What began as a childhood hobby became a profession over forty years ago. One of the unique characteristics of my life has been how extensive periods of clairvoyance afforded the types of revelations that contributed to my insights while my very analytical mind took all the pieces and organized them coherently so as to make them completely understandable to others. I have also tried very hard to empower that which we call our spirituality without lessening the importance or value of the experiential part of our beings, the part that is psychological. In this way, my work differs from some of the material of the esotericists as well as the psychologists.
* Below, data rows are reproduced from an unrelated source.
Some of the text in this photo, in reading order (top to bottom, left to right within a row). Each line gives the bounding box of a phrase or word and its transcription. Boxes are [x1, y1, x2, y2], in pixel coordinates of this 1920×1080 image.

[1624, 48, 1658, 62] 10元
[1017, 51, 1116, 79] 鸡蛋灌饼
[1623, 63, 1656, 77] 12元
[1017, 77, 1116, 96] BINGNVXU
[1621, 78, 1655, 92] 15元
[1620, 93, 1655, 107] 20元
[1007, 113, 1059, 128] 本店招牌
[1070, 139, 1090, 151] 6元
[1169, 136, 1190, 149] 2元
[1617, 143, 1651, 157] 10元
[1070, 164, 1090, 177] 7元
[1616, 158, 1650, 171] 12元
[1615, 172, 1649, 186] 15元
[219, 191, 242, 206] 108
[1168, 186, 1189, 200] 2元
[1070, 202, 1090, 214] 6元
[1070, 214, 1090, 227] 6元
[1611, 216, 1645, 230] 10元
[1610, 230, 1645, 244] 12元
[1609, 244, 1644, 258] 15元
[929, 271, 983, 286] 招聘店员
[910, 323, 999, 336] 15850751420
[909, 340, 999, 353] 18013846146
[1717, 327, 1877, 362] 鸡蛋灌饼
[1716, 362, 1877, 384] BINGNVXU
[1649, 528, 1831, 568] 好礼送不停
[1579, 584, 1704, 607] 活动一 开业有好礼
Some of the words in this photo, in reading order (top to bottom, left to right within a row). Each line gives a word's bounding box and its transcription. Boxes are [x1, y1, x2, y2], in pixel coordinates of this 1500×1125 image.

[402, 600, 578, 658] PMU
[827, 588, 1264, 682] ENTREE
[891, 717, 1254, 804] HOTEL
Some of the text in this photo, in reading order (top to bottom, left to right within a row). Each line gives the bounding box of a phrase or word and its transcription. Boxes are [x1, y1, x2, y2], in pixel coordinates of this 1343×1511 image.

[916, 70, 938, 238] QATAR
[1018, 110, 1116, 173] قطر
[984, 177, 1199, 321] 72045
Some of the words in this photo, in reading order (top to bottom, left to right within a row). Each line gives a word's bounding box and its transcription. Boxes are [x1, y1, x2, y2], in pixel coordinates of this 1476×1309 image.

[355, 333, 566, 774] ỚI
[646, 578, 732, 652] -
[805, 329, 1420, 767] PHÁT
It is both and neither, it is original. Work can evolve from ancient sources and still be put together in a way that is unique. I have not attacked anyone else's work nor imitated anyone else. I have found my own Path. A few final points are worthy of note:

  • First, I have purged the astrological vocabulary of archaic terminology by representing the elements intelligently. For instance, I call them elements rather than humors and I do not refer to red and white and yellow and black blood but rather physiological functions and psychological biases.
  • Second, I have adapted some of the five element theories of India and China to the four elements of astrology; however, in doing so, I am not suggesting that there is no fifth element, simply that it is not manifest in the same manner as the four denser elements.
  • Third, I have developed incredibly sophisticated ways for determining constitutional type and elemental balance using either the horoscope or medical history.
  • Fourth, I have created strategies for eliminating the effects of elemental imbalance that involve all parts of life: food, herbal medicine, life style, and even shamanic integration of the psyche.
  • Fifth, all the physical, psychological, and spiritual forces can be seen as a totality, not isolated one from another but interactive one with the other.

My relationships with the official world of astrology have not been repaired. I have not published in any journal nor spoken at any major conferences in several years, but I have received two honorary doctorates that I think are important to the astrological community as a whole . . . because they represent the historic unity between medicine and astrology that is still accepted in Ayurvedic and Tibetan medicine but that was lost in the West around the 17th century.